TASK PROMPT: Print the records below word for word, but leave out the pictures.

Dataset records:
****************
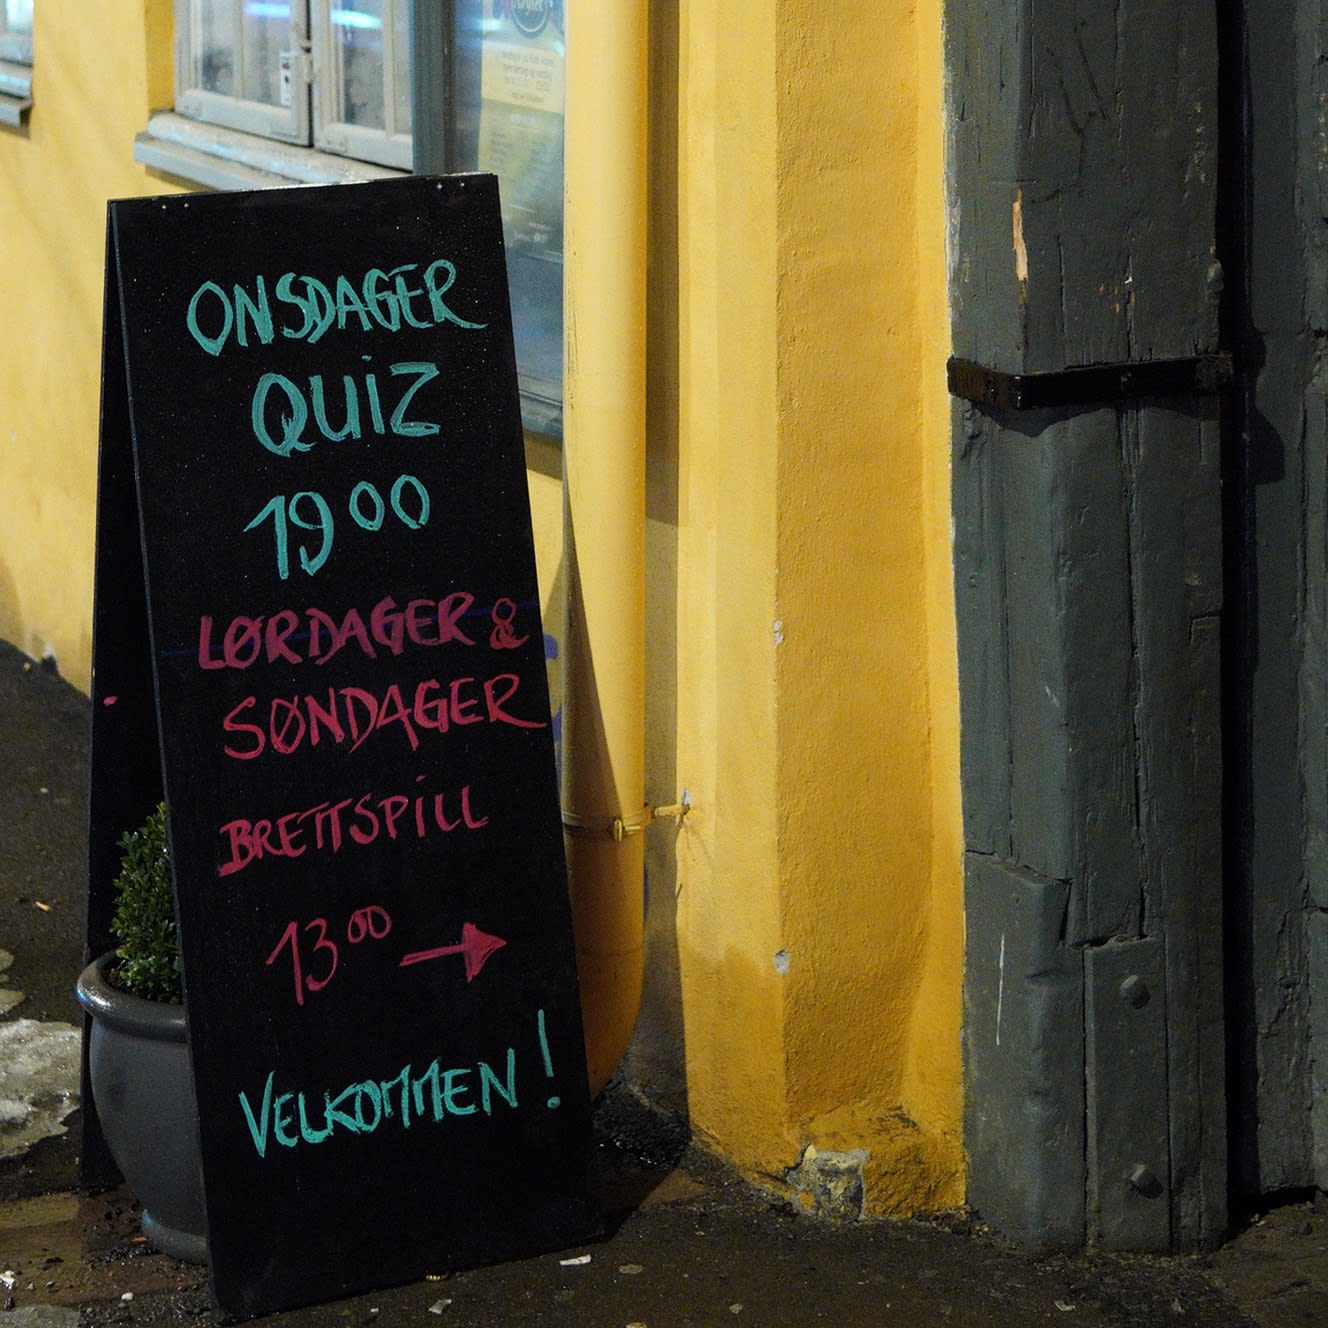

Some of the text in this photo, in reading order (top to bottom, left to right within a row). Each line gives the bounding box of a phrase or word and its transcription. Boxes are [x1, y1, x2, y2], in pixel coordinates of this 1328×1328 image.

[186, 259, 488, 357] ONSDAGER
[198, 591, 531, 671] LØRDAGER &
[223, 673, 547, 760] SØNDAGER
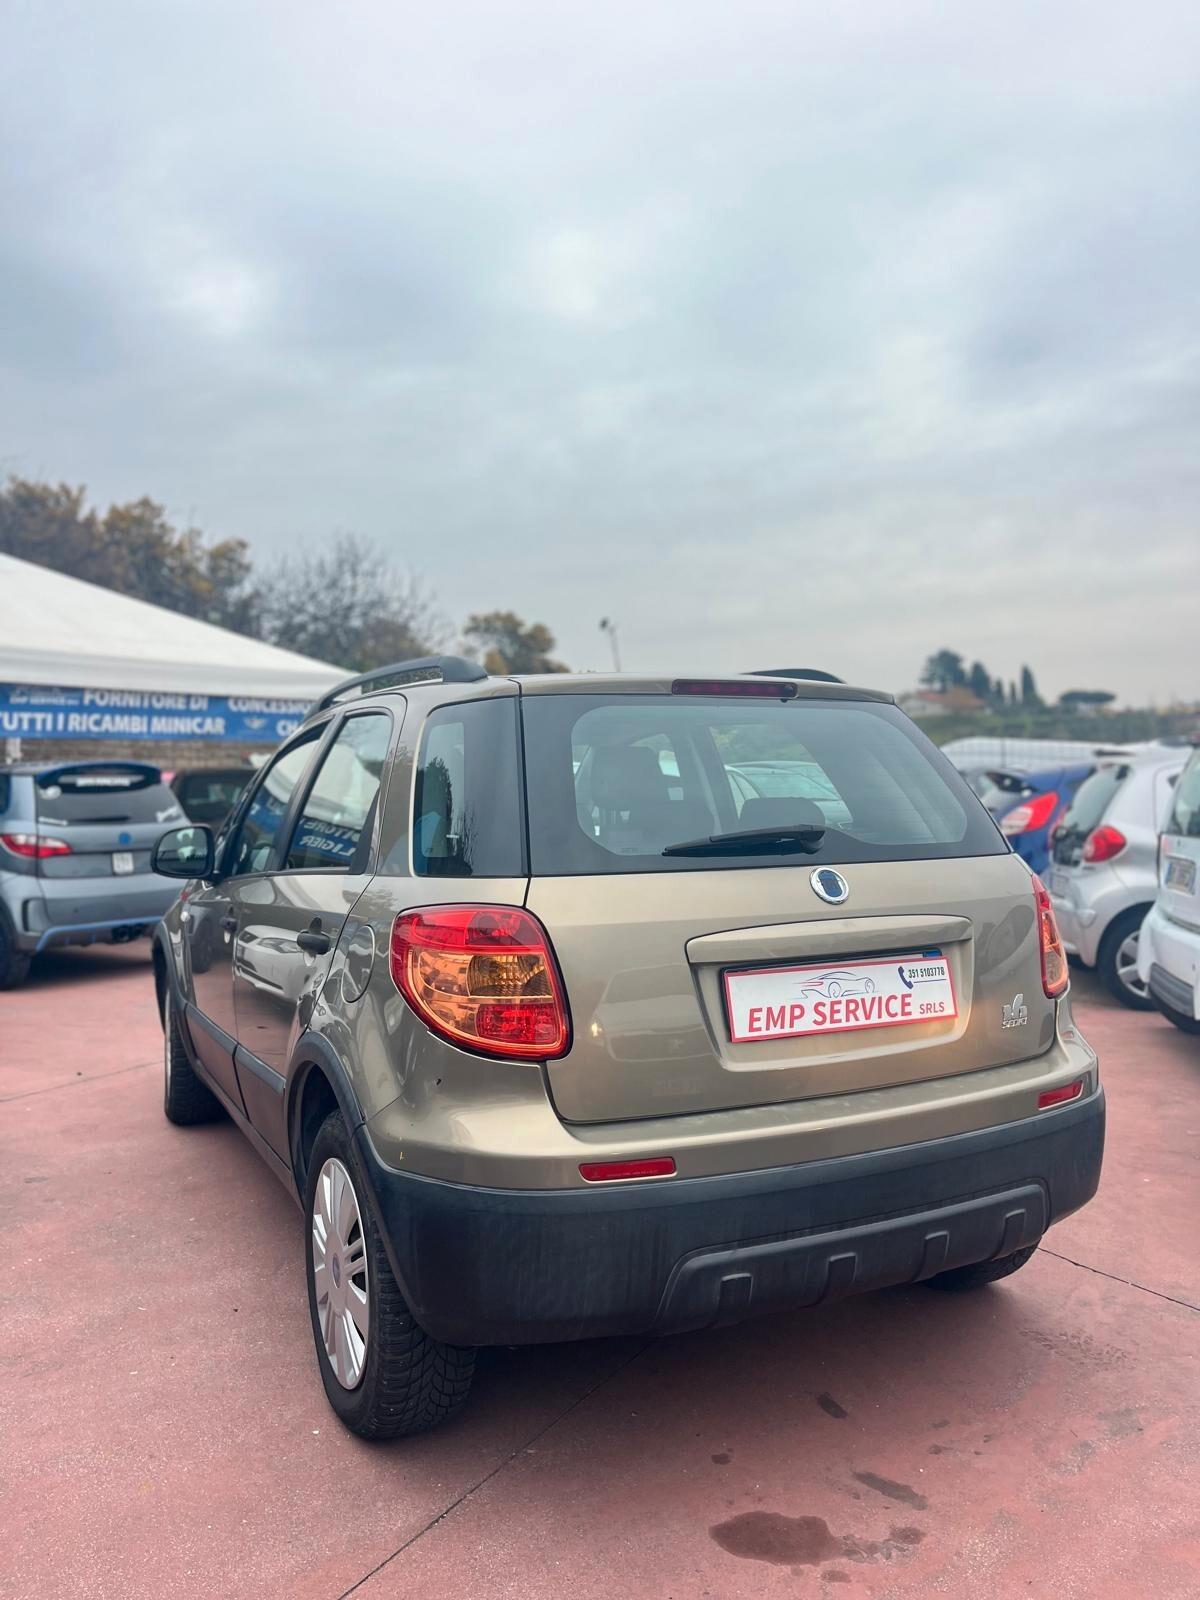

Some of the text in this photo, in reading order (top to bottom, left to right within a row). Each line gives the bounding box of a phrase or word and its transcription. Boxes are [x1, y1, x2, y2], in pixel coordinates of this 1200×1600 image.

[83, 689, 187, 710] FORNITORE
[189, 695, 209, 711] DI
[0, 710, 226, 736] UTTI I RICAMBI MINICAR
[908, 966, 945, 979] 351 5103778
[748, 993, 945, 1033] EMP SERVICE SRLS
****************
YOUR RESPONSE:
Some of the text in this photo, in reading order (top to bottom, left to right within a row). Each line gives the bounding box of a phrase or word and its transcription. Boxes are [x1, y1, x2, y2], in pixel coordinates of this 1328×1328 image.

[186, 259, 488, 357] ONSDAGER
[198, 591, 531, 671] LØRDAGER &
[223, 673, 547, 760] SØNDAGER

Some of the text in this photo, in reading order (top to bottom, left to right within a row). Each line gives the bounding box of a phrase or word and its transcription. Boxes are [x1, y1, x2, y2], in pixel coordinates of this 1200×1600 image.

[83, 689, 187, 710] FORNITORE
[189, 695, 209, 711] DI
[0, 710, 226, 736] UTTI I RICAMBI MINICAR
[908, 966, 945, 979] 351 5103778
[748, 993, 945, 1033] EMP SERVICE SRLS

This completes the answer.